During the month of June, Israel launched its largest military assault on the occupied West Bank in more than a decade, invading refugee camps, villages and cities across the territory. Six Palestinians were killed by Israeli forces during the military operation, all of them civilians. Hundreds were arrested, universities were raided and soldiers stole Palestinian property worth $3.5 million.

The pretext for the assault was the disappearance of three Israeli youths who were hitchhiking between settlement colonies in the West Bank on 12 June. It was later revealed that the Israeli police, intelligence officials and the prime minister knew within hours of the kidnapping that the teens had been killed.

Following the campaign of collective punishment and the discovery of the teens’ bodies on 30 June, the Israeli government, starting with Prime Minister Benjamin Netanyahu at the top, fanned calls for retribution and revenge for the teens’ deaths.

On 2 July, sixteen-year-old Muhammad Abu Khudair was abducted near his home in the Shuafat neighborhood of eastern occupied Jerusalem. His body was found hours later in a Jerusalem forest; a preliminary autopsy indicated that the boy was burned alive.

Three Jewish Israelis confessed to the brutal crime and reenacted it for investigators.

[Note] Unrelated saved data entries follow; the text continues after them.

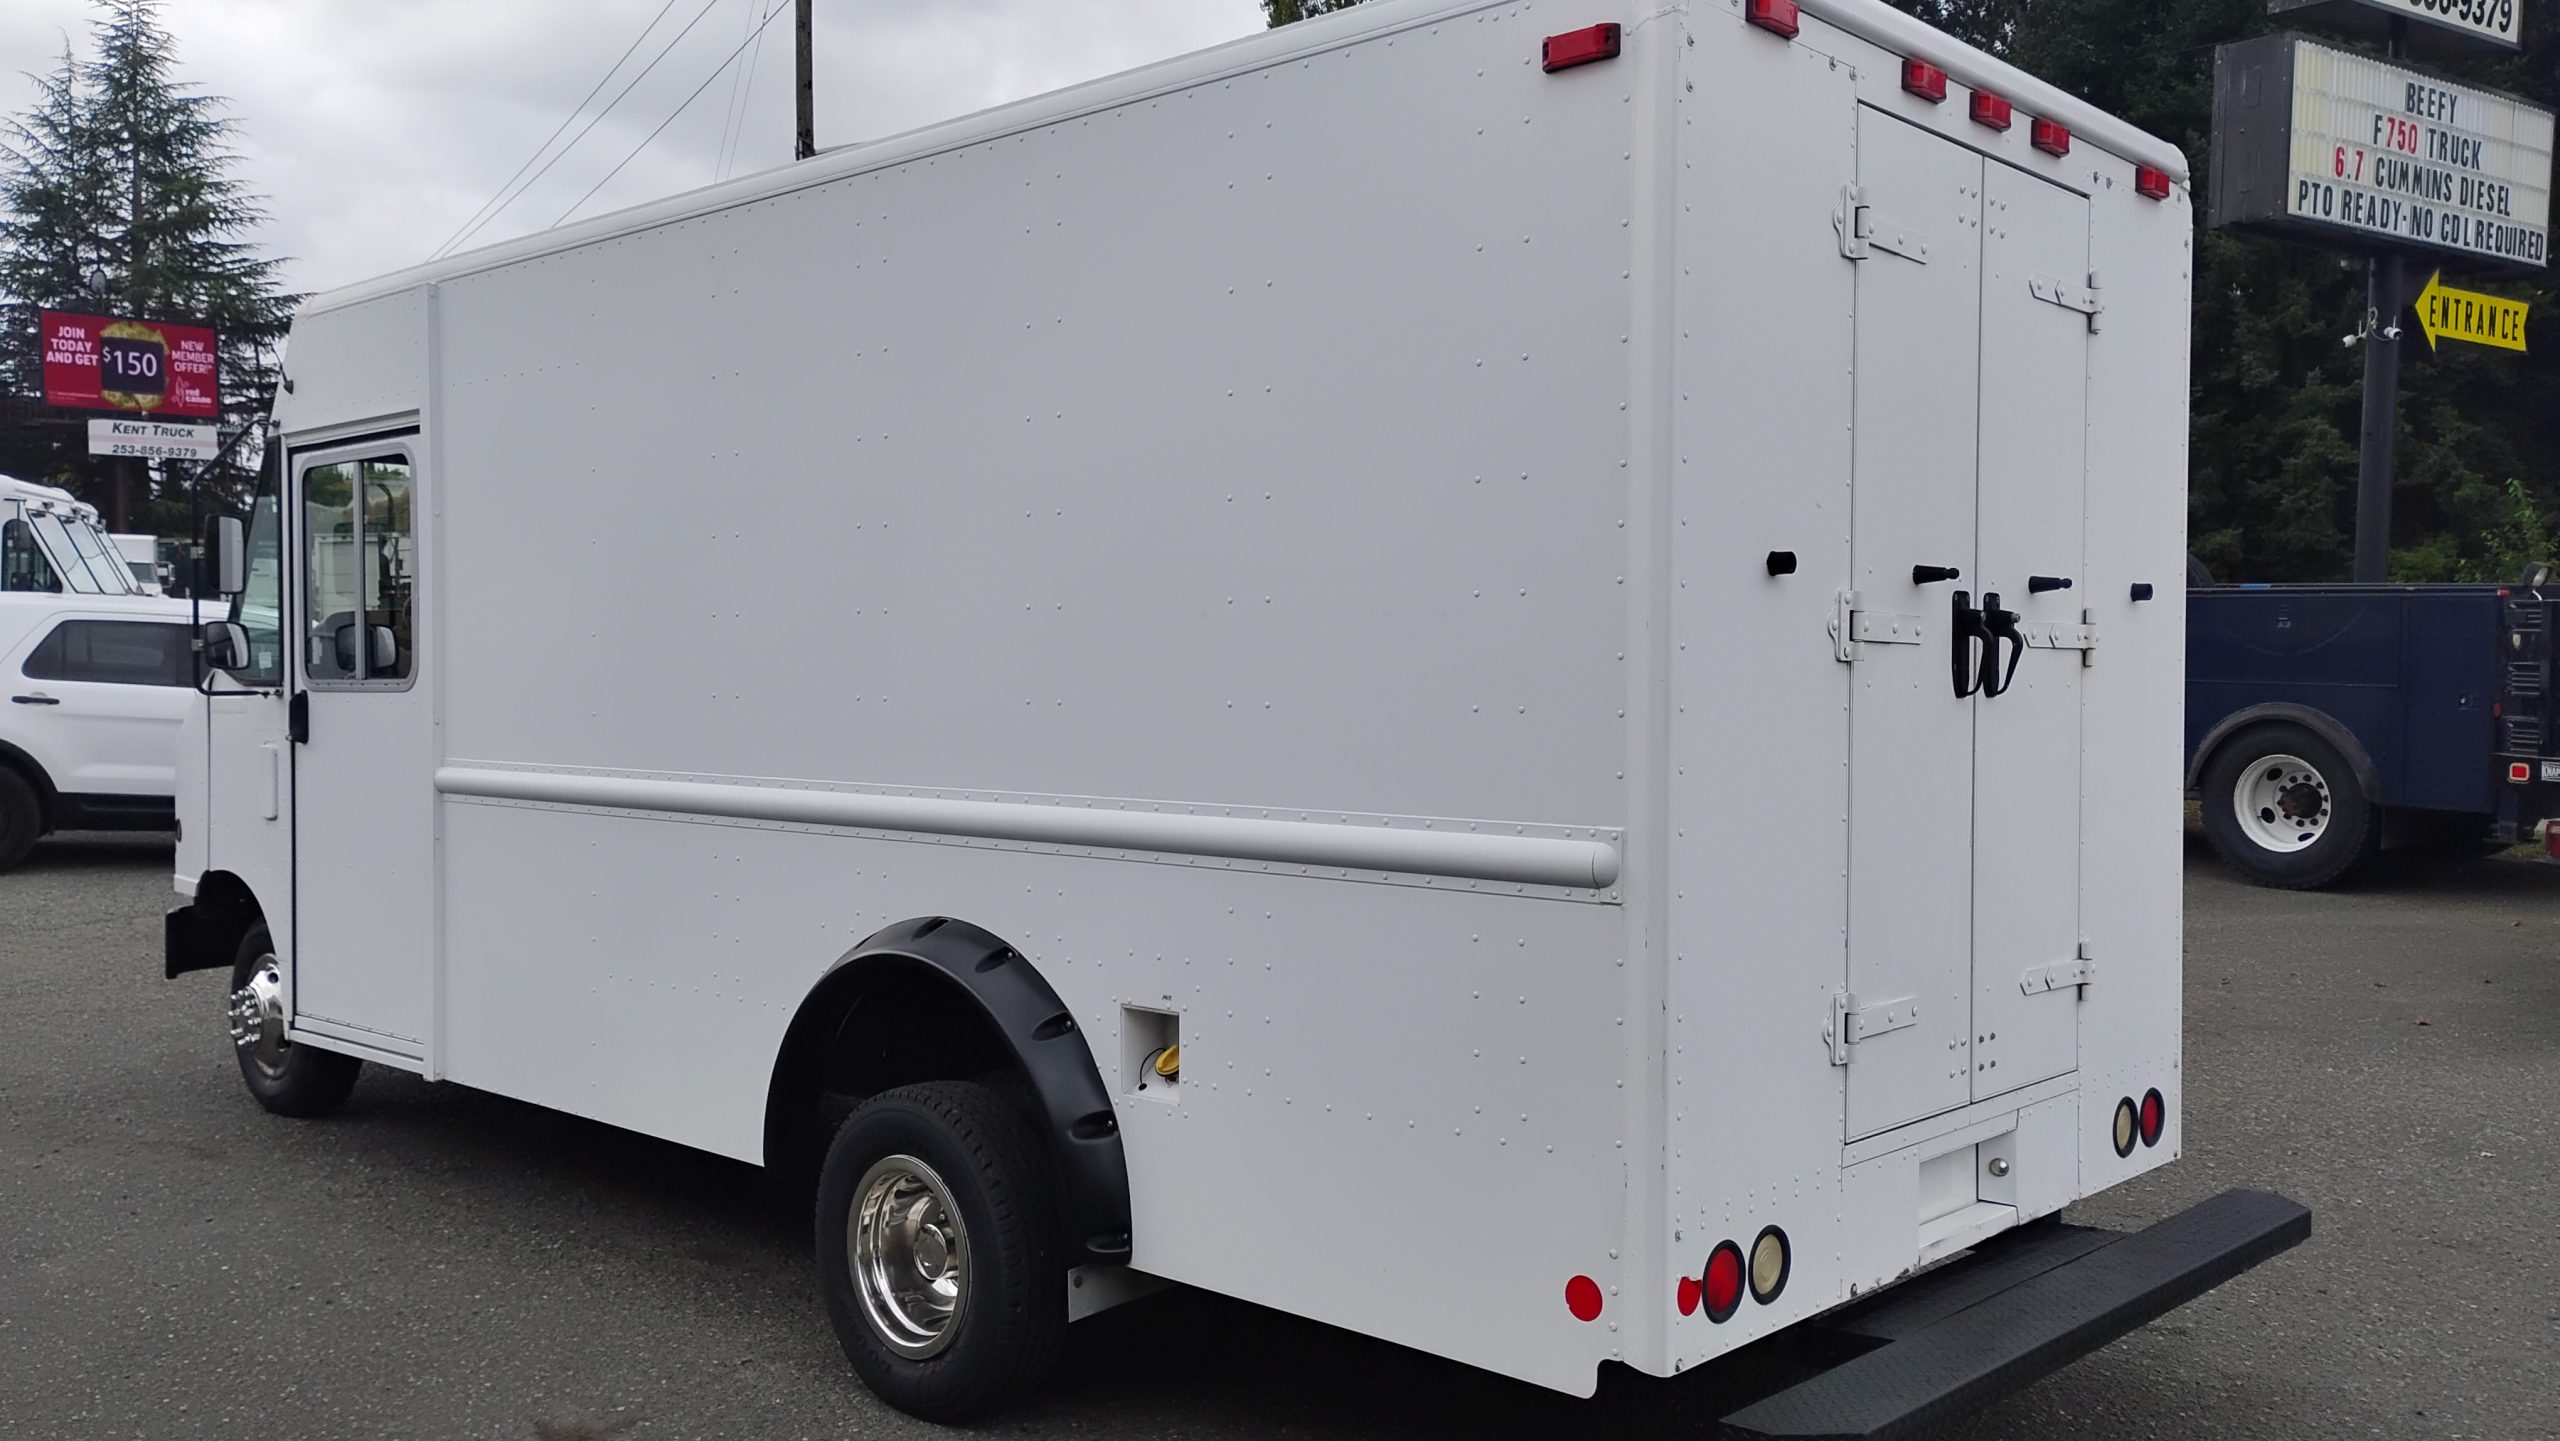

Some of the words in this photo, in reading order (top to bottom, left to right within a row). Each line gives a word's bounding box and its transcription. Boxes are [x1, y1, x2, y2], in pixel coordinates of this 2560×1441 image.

[2406, 82, 2457, 124] BEEFY
[2428, 128, 2482, 170] TRUCK
[2335, 146, 2364, 181] 6.7
[2376, 157, 2453, 202] CUMMINS
[2459, 176, 2511, 217] DIESEL
[2298, 179, 2333, 216] PTO
[2441, 213, 2470, 247] CDL
[2476, 219, 2543, 261] REQUIRED
[2429, 295, 2519, 341] ENTRANCE
[58, 326, 85, 339] JOIN
[50, 338, 92, 353] TODAY
[180, 340, 205, 352] NEW
[46, 351, 73, 364] AND
[75, 354, 98, 366] GET
[171, 350, 215, 364] MEMBER
[112, 422, 147, 435] KENT
[153, 425, 194, 438] TRUCK
[112, 444, 197, 458] 253-856-9379

Meanwhile, mobs of Israeli youths continue to roam the streets of Jerusalem looking for Palestinians to attack. Two twenty-year-old Palestinians were recently beaten unconscious by youths wielding iron bars and baseball bats.

Palestinians in Jerusalem live in fear of being the next victims in an increasingly violent environment.

Killings across West Bank

Elsewhere in the occupied West Bank, at least seventeen Palestinians have been killed by Israeli forces and civilians since the beginning of the military’s slaughter in the Gaza Strip on 7 July.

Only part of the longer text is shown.